Make an exact copy of the entries below and leave any picture out of it.
# # #
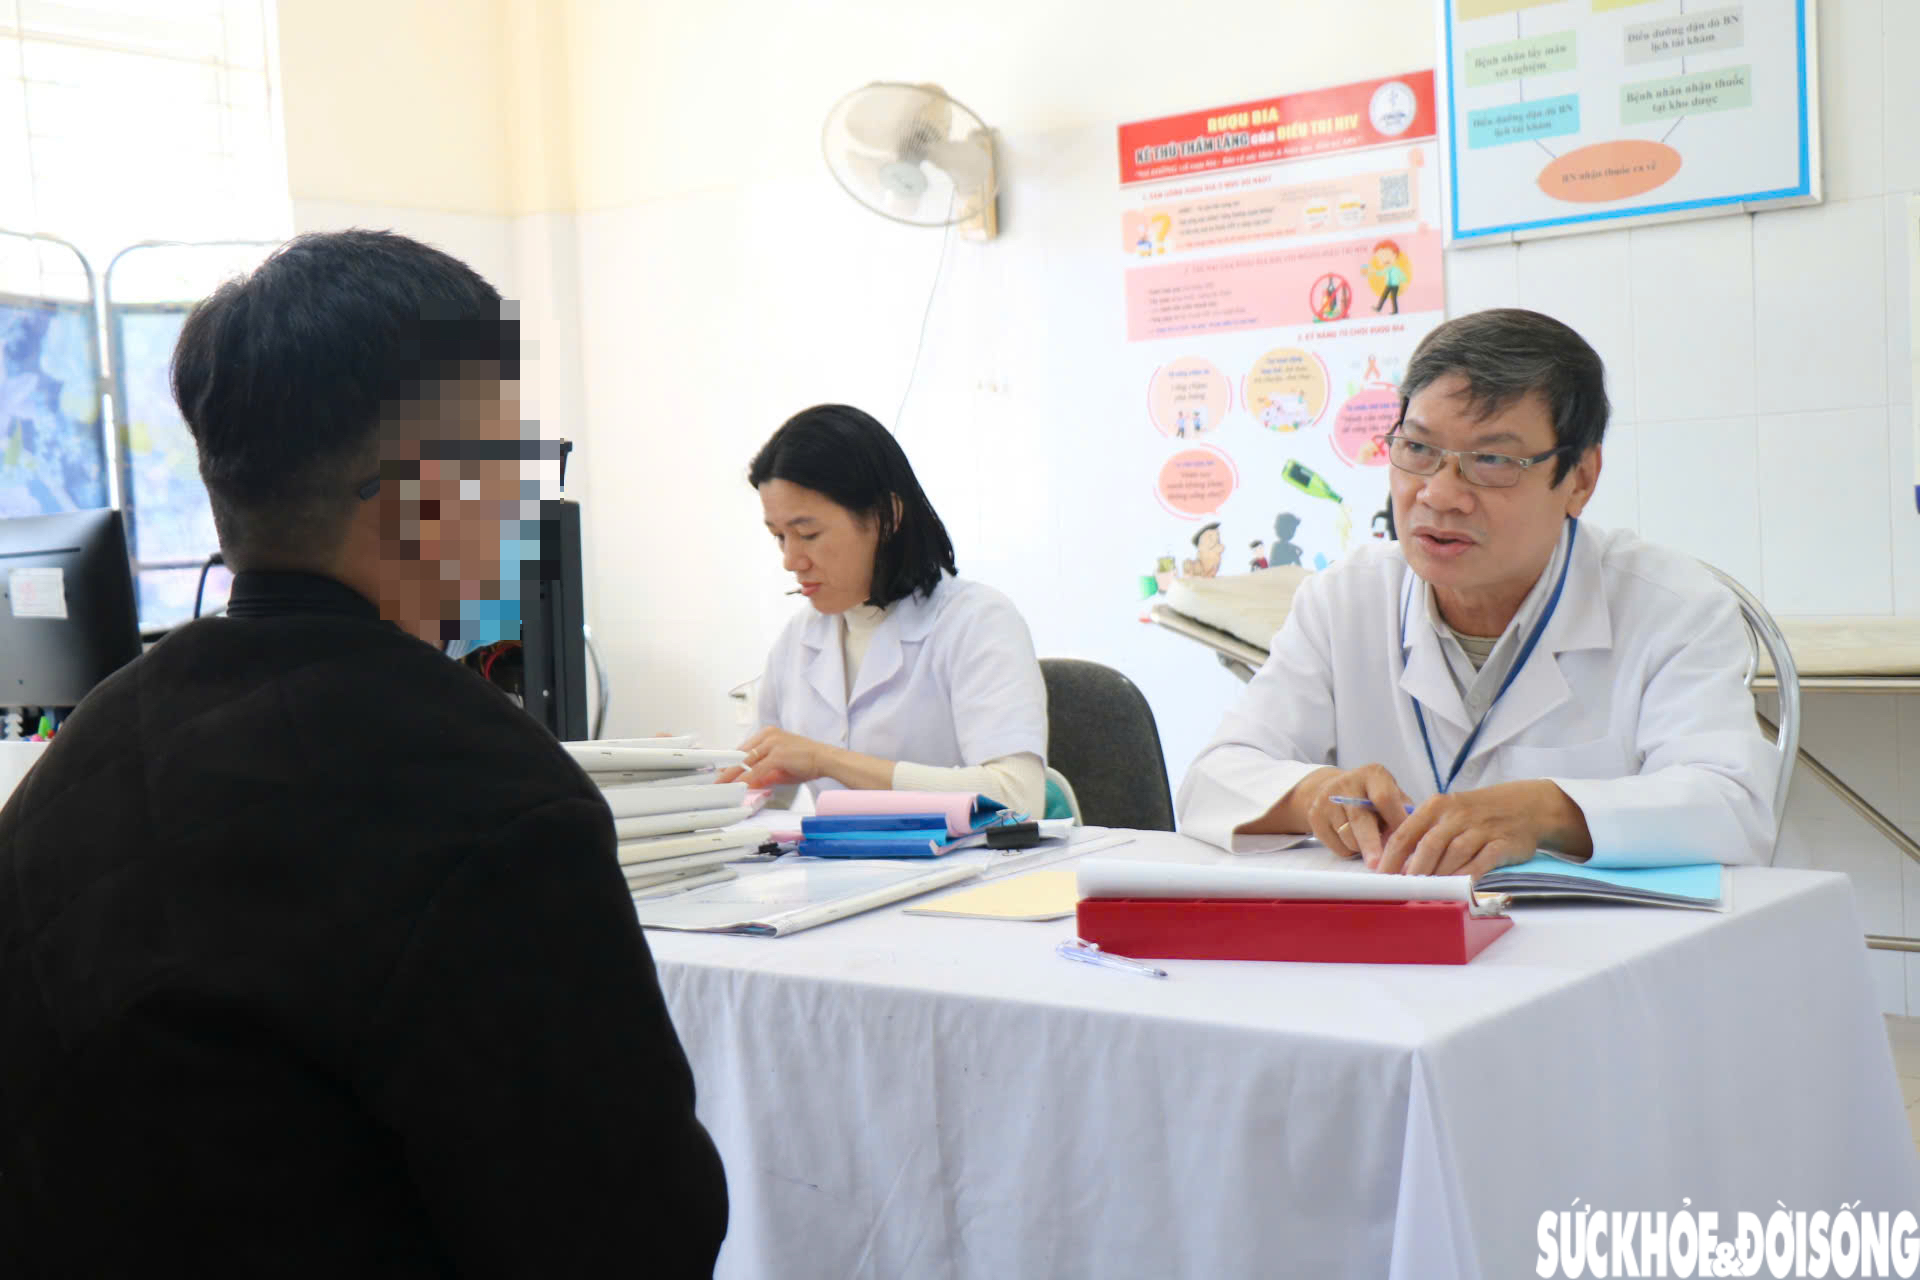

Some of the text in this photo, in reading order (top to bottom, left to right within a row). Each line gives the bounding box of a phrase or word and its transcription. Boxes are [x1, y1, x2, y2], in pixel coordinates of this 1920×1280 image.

[1723, 14, 1740, 25] BN
[1687, 33, 1716, 46] khám
[1626, 89, 1653, 104] Bệnh
[1714, 73, 1745, 89] thuốc
[1669, 98, 1690, 111] kho
[1251, 106, 1279, 126] BIA
# # #
== Written solution ==
Some of the text in this photo, in reading order (top to bottom, left to right within a row). Each line gives the bounding box of a phrase or word and its transcription. Boxes are [x1, y1, x2, y2], in pixel coordinates of this 1920×1280 image.

[1723, 14, 1740, 25] BN
[1687, 33, 1716, 46] khám
[1626, 89, 1653, 104] Bệnh
[1714, 73, 1745, 89] thuốc
[1669, 98, 1690, 111] kho
[1251, 106, 1279, 126] BIA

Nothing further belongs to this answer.